Required action: Without skipping anything, write out each record below exactly.
▼
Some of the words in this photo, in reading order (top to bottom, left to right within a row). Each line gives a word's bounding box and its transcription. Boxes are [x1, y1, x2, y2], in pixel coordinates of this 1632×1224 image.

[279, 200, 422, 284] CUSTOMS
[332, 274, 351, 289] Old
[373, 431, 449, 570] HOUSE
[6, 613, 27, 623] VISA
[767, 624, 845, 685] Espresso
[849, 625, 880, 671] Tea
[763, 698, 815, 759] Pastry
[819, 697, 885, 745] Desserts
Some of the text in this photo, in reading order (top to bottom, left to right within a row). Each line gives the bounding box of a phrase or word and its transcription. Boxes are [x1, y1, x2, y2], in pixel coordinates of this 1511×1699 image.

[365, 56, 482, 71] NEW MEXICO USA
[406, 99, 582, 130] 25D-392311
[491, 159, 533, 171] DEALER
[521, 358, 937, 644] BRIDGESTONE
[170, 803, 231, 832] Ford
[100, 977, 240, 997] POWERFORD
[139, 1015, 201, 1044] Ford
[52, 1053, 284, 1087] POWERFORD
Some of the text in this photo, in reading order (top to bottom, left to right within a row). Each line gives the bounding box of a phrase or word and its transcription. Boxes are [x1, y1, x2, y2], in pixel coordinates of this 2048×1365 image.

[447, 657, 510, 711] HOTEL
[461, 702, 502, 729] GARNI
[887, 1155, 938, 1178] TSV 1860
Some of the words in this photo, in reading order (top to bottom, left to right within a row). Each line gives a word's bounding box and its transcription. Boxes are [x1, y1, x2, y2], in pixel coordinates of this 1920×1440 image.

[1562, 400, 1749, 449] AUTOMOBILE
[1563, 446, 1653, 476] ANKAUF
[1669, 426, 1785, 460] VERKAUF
▲
Answer for the task:
Some of the words in this photo, in reading order (top to bottom, left to right within a row). Each line gives a word's bounding box and its transcription. Boxes are [x1, y1, x2, y2], in pixel coordinates of this 1632×1224 image.

[279, 200, 422, 284] CUSTOMS
[332, 274, 351, 289] Old
[373, 431, 449, 570] HOUSE
[6, 613, 27, 623] VISA
[767, 624, 845, 685] Espresso
[849, 625, 880, 671] Tea
[763, 698, 815, 759] Pastry
[819, 697, 885, 745] Desserts
Some of the text in this photo, in reading order (top to bottom, left to right within a row). Each line gives the bounding box of a phrase or word and its transcription. Boxes are [x1, y1, x2, y2], in pixel coordinates of this 1511×1699 image.

[365, 56, 482, 71] NEW MEXICO USA
[406, 99, 582, 130] 25D-392311
[491, 159, 533, 171] DEALER
[521, 358, 937, 644] BRIDGESTONE
[170, 803, 231, 832] Ford
[100, 977, 240, 997] POWERFORD
[139, 1015, 201, 1044] Ford
[52, 1053, 284, 1087] POWERFORD
Some of the text in this photo, in reading order (top to bottom, left to right within a row). Each line gives the bounding box of a phrase or word and its transcription. Boxes are [x1, y1, x2, y2], in pixel coordinates of this 2048×1365 image.

[447, 657, 510, 711] HOTEL
[461, 702, 502, 729] GARNI
[887, 1155, 938, 1178] TSV 1860
Some of the words in this photo, in reading order (top to bottom, left to right within a row). Each line gives a word's bounding box and its transcription. Boxes are [x1, y1, x2, y2], in pixel coordinates of this 1920×1440 image.

[1562, 400, 1749, 449] AUTOMOBILE
[1563, 446, 1653, 476] ANKAUF
[1669, 426, 1785, 460] VERKAUF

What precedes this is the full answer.